## Work to be completed
Give the records again in full, exactly as they appear, but without the pictures.

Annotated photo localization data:
....

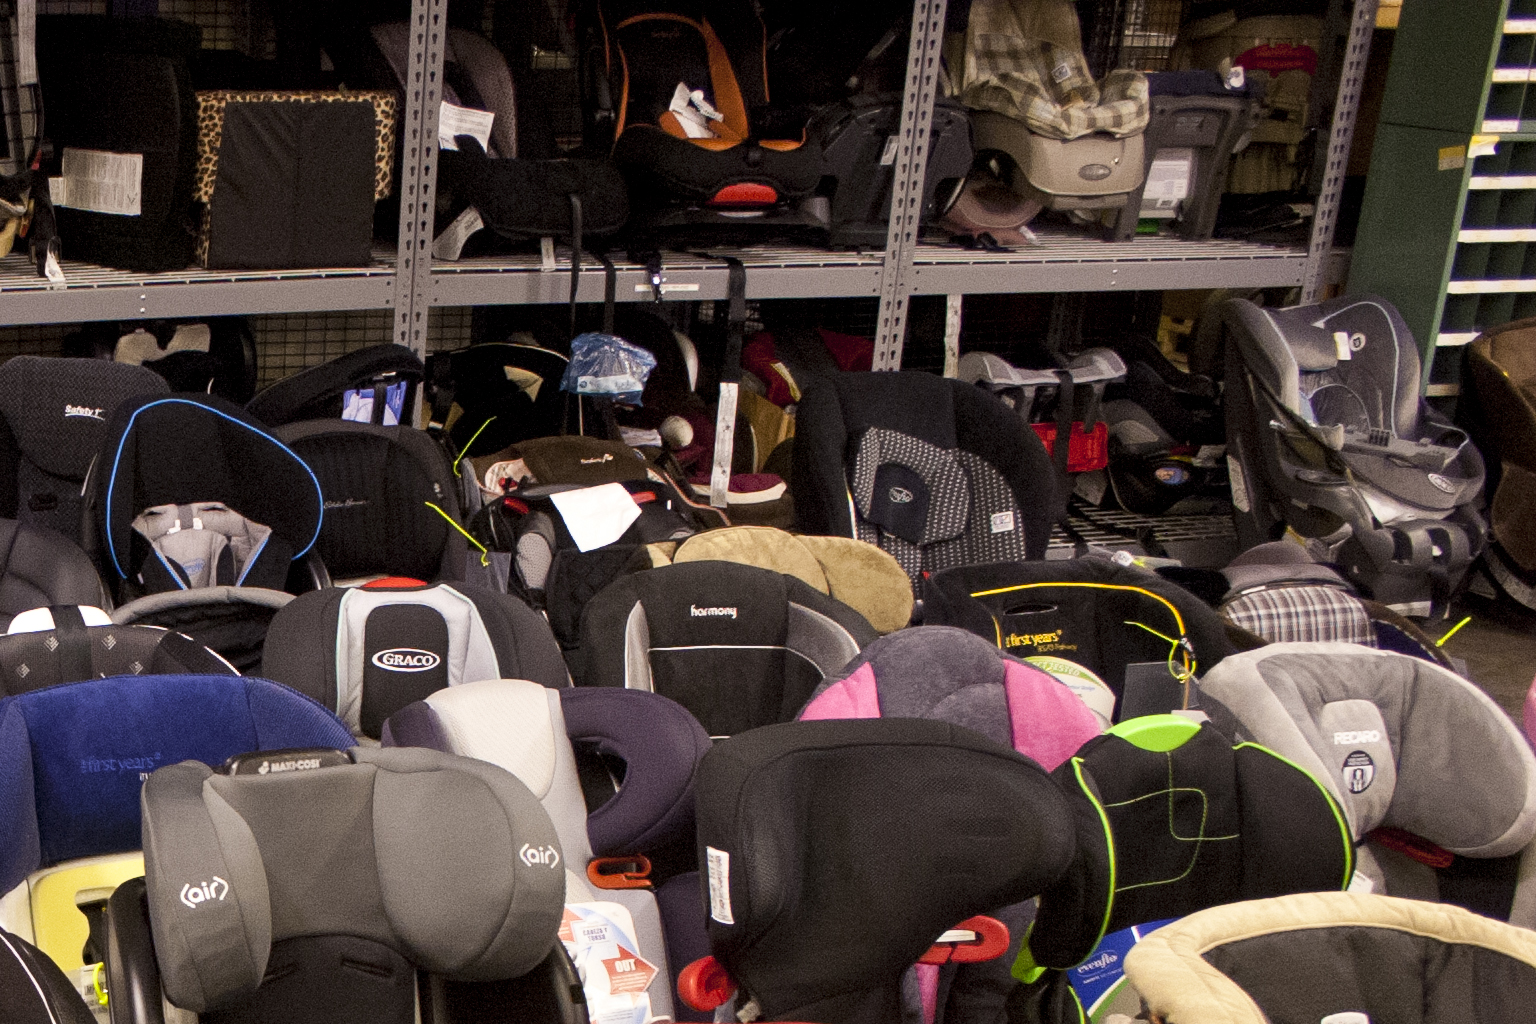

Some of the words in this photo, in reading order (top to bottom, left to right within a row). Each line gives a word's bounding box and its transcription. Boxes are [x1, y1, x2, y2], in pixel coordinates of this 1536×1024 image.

[65, 404, 93, 416] Safety
[690, 604, 737, 619] harmony
[382, 653, 434, 667] GRACO
[1333, 729, 1381, 746] RECARO
[270, 759, 321, 773] MAXI-COSI
[587, 934, 606, 942] TORSO
[614, 959, 636, 973] OUT
[1077, 953, 1118, 974] evenflo
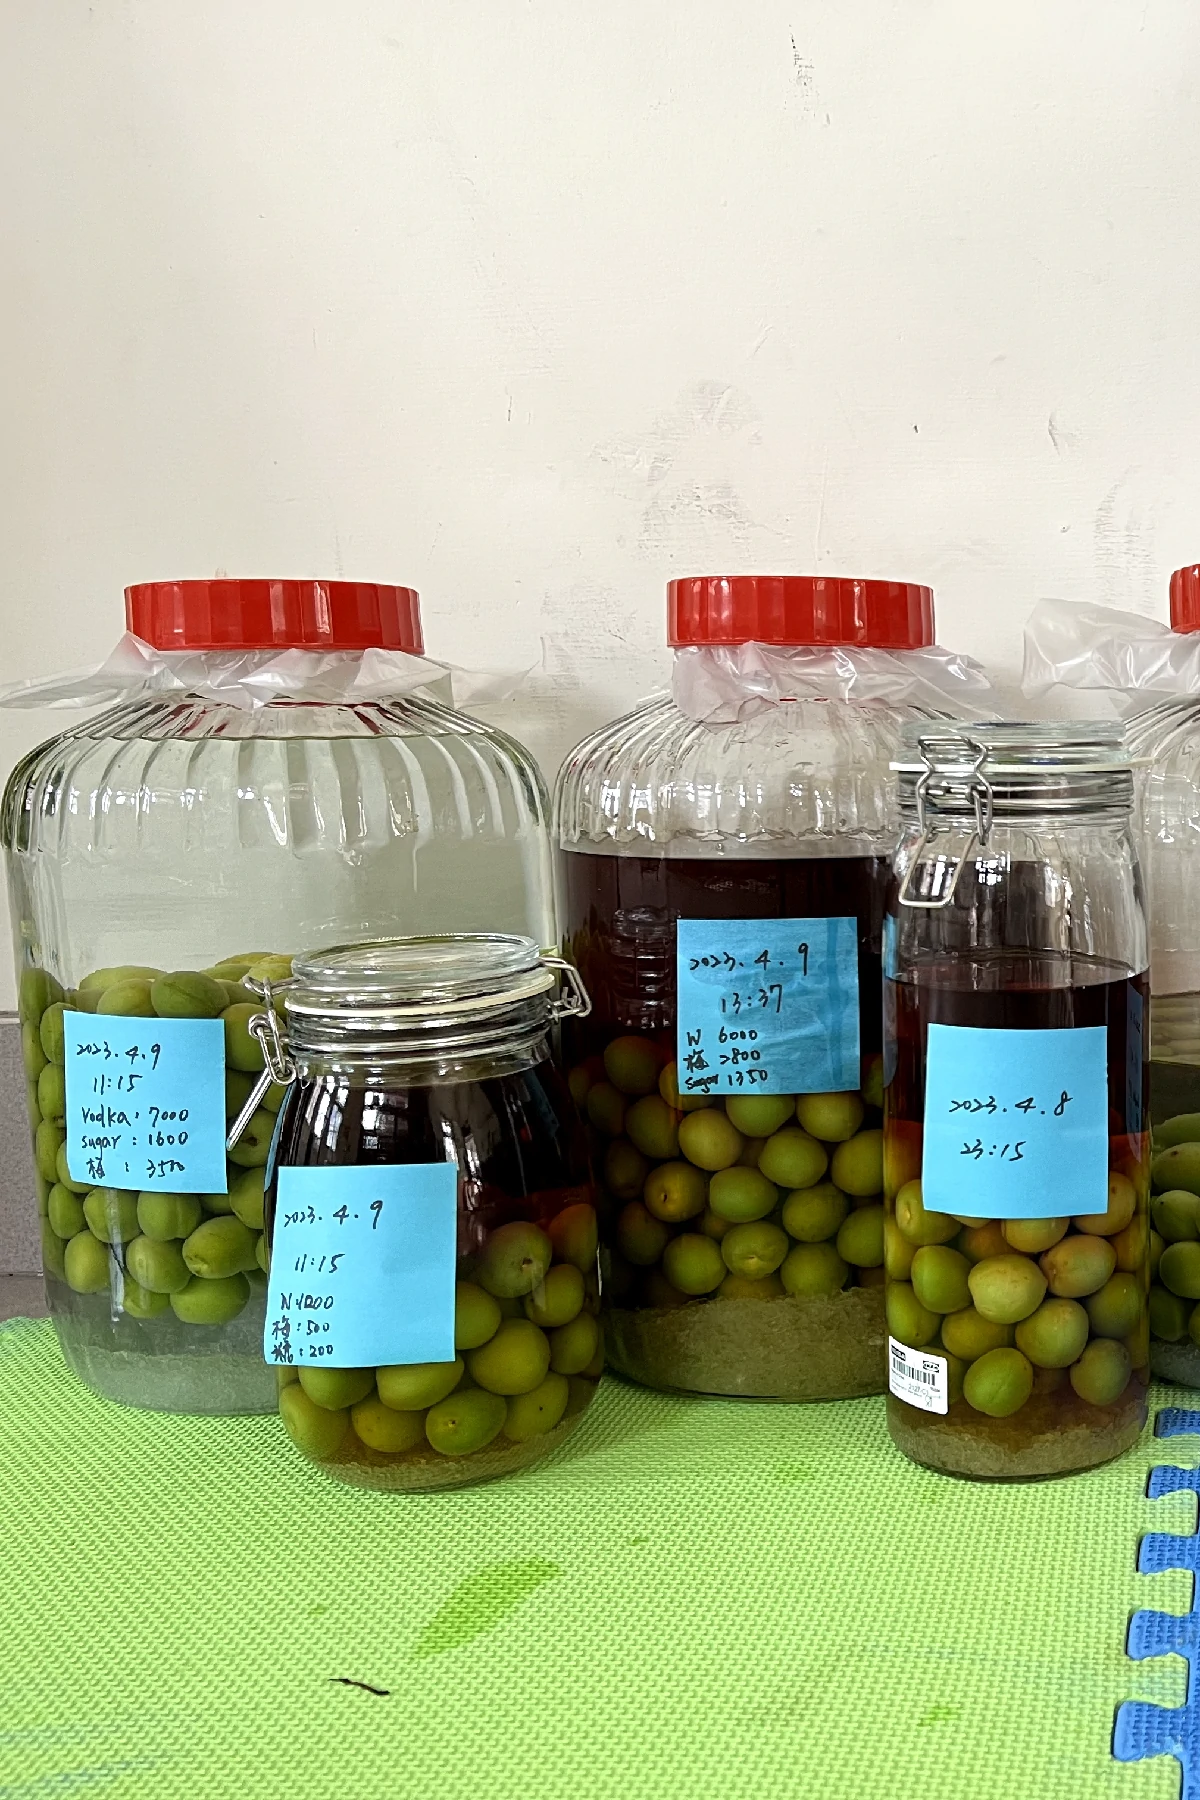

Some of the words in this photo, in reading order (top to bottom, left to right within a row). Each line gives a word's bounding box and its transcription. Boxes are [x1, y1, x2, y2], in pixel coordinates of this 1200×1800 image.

[722, 984, 783, 1015] 13:37
[718, 1026, 758, 1044] 6000
[76, 1040, 161, 1070] 2023.4.9
[93, 1073, 143, 1096] 11:15
[727, 1069, 768, 1087] 1350
[948, 1090, 1074, 1116] 2023.4.8
[149, 1106, 189, 1128] 7000
[148, 1131, 189, 1147] 1600
[958, 1139, 1027, 1162] 23:15
[294, 1253, 346, 1274] 11:15
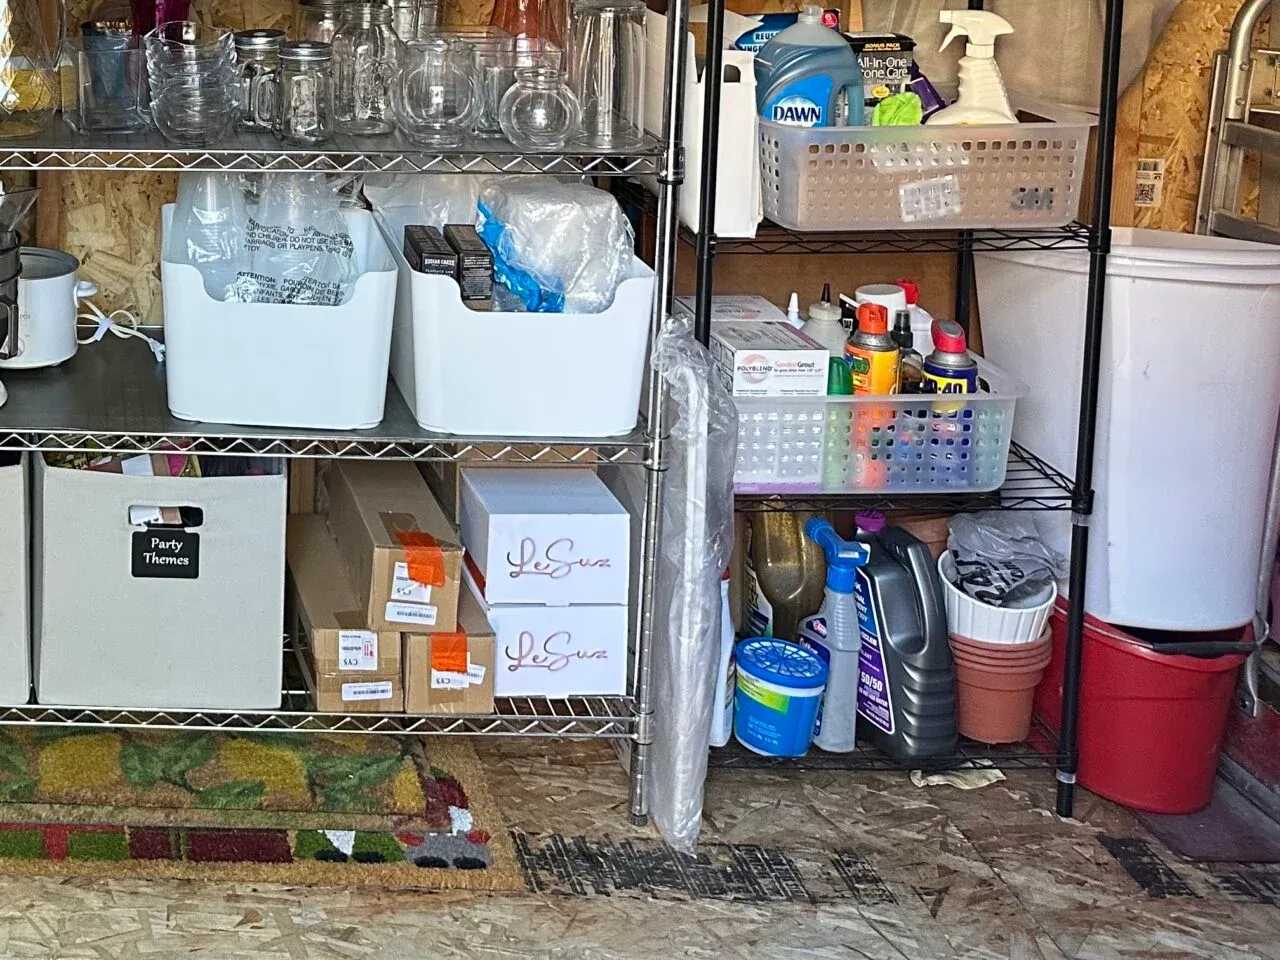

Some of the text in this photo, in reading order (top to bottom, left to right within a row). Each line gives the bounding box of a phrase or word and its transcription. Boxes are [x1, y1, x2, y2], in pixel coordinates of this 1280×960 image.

[887, 68, 908, 79] Care
[774, 106, 821, 122] DAWN
[151, 537, 183, 553] Party
[143, 552, 190, 565] Themes
[861, 671, 883, 692] 50/50
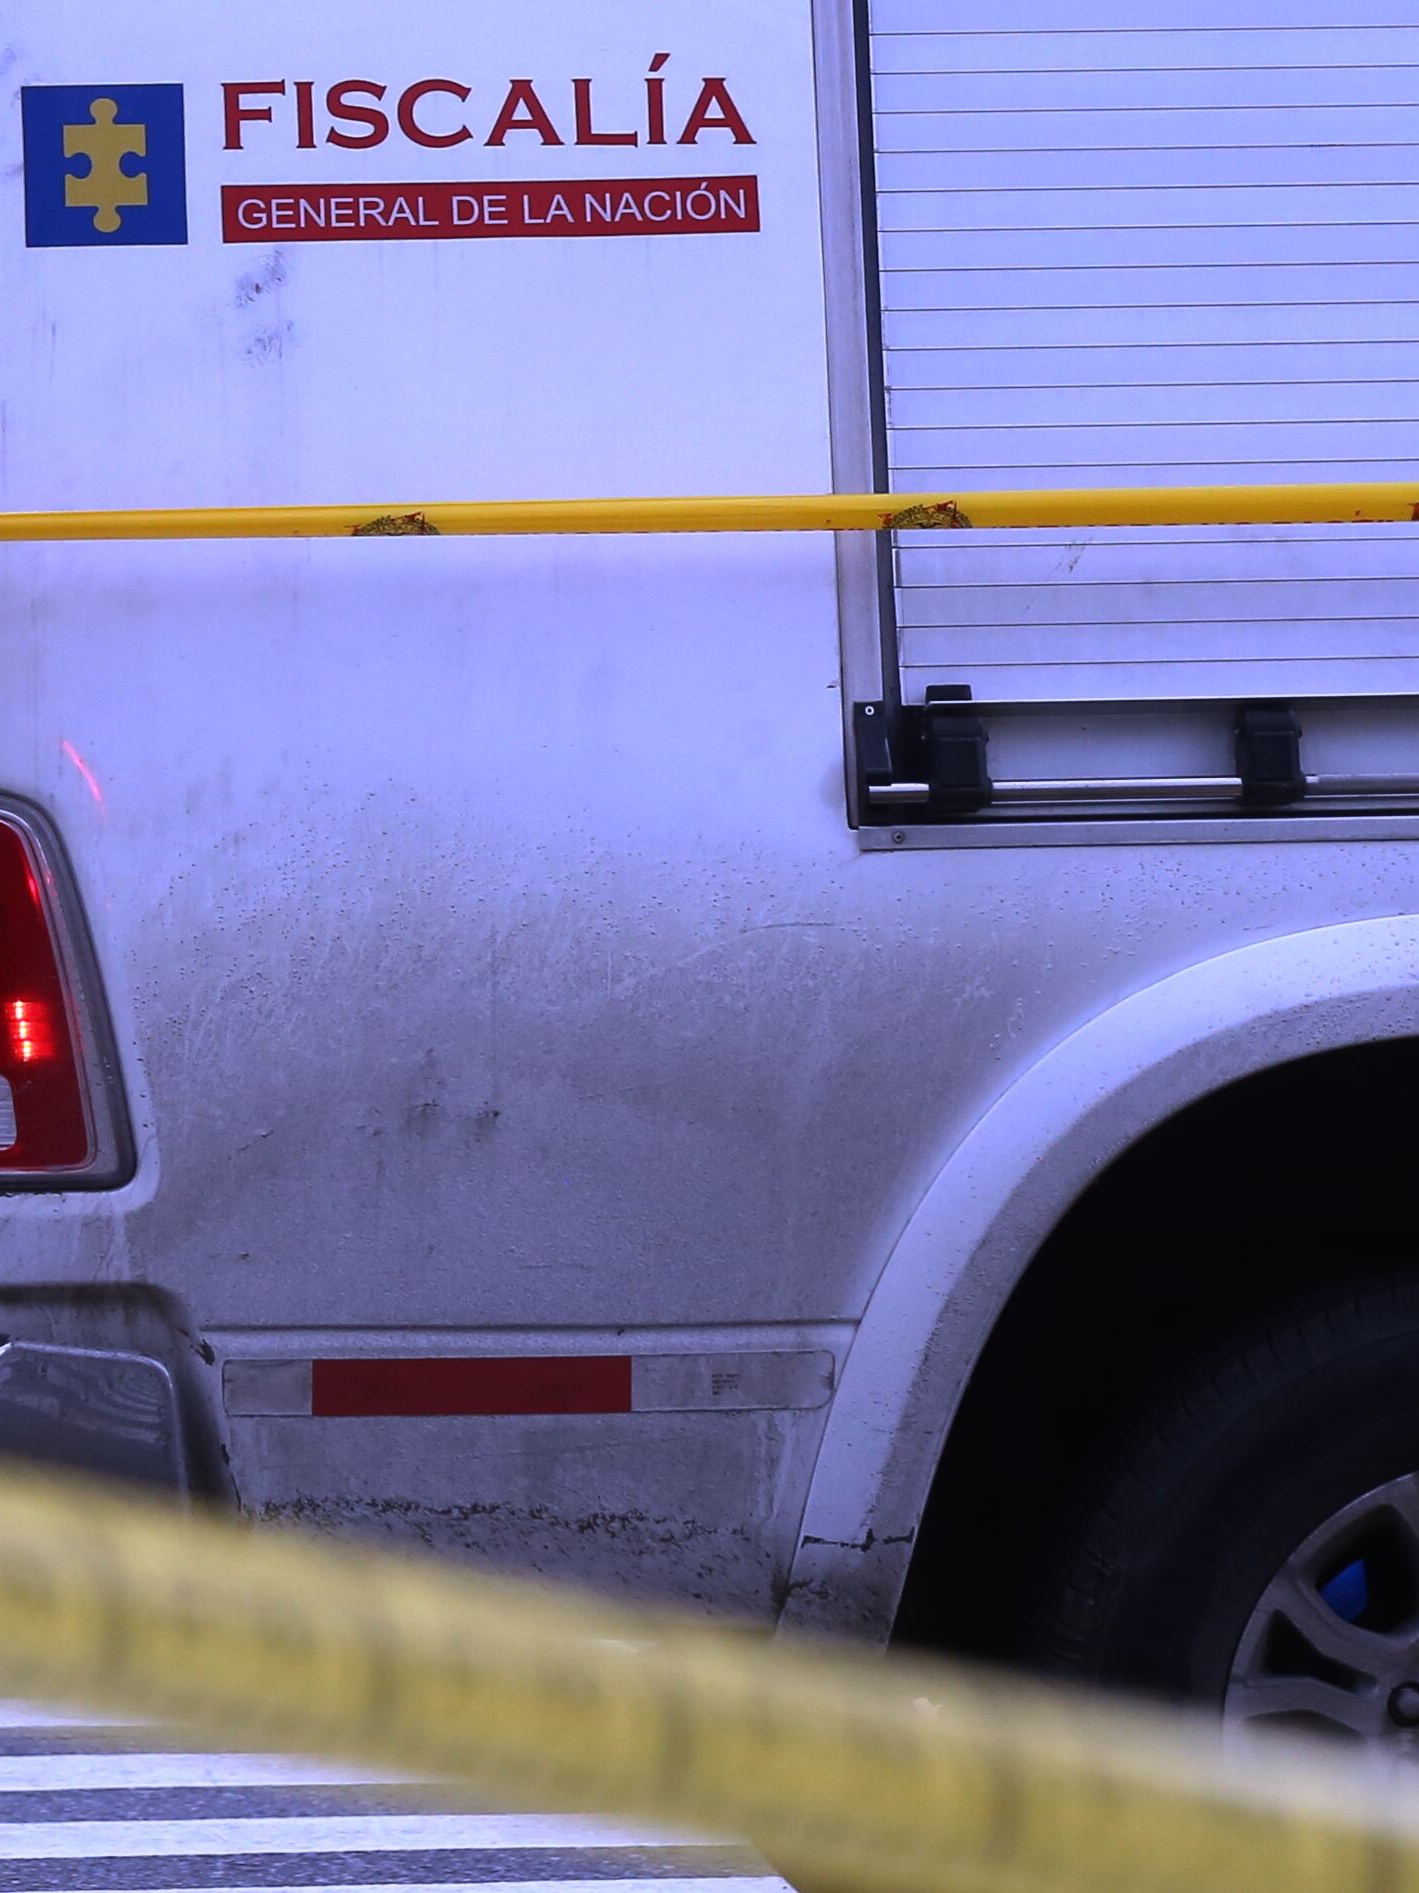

....

## Final answer
Some of the words in this photo, in reading order (top to bottom, left to right within a row). Each line gives a word's bounding box and its transcription. Boxes are [x1, y1, x2, y2], in pixel coordinates of this 1536×1024 image.

[65, 404, 93, 416] Safety
[690, 604, 737, 619] harmony
[382, 653, 434, 667] GRACO
[1333, 729, 1381, 746] RECARO
[270, 759, 321, 773] MAXI-COSI
[587, 934, 606, 942] TORSO
[614, 959, 636, 973] OUT
[1077, 953, 1118, 974] evenflo

Some of the words in this photo, in reading order (top to bottom, left to right within a row). Each line gives a word's bounding box and its transcription. Boxes are [x1, y1, x2, y2], in pixel coordinates of this 1200×1800 image.

[722, 984, 783, 1015] 13:37
[718, 1026, 758, 1044] 6000
[76, 1040, 161, 1070] 2023.4.9
[93, 1073, 143, 1096] 11:15
[727, 1069, 768, 1087] 1350
[948, 1090, 1074, 1116] 2023.4.8
[149, 1106, 189, 1128] 7000
[148, 1131, 189, 1147] 1600
[958, 1139, 1027, 1162] 23:15
[294, 1253, 346, 1274] 11:15

Some of the text in this photo, in reading order (top to bottom, left to right within a row). Each line gives the bounding box of a phrase or word and its transcription. Boxes are [x1, y1, x2, y2], in pixel coordinates of this 1280×960 image.

[887, 68, 908, 79] Care
[774, 106, 821, 122] DAWN
[151, 537, 183, 553] Party
[143, 552, 190, 565] Themes
[861, 671, 883, 692] 50/50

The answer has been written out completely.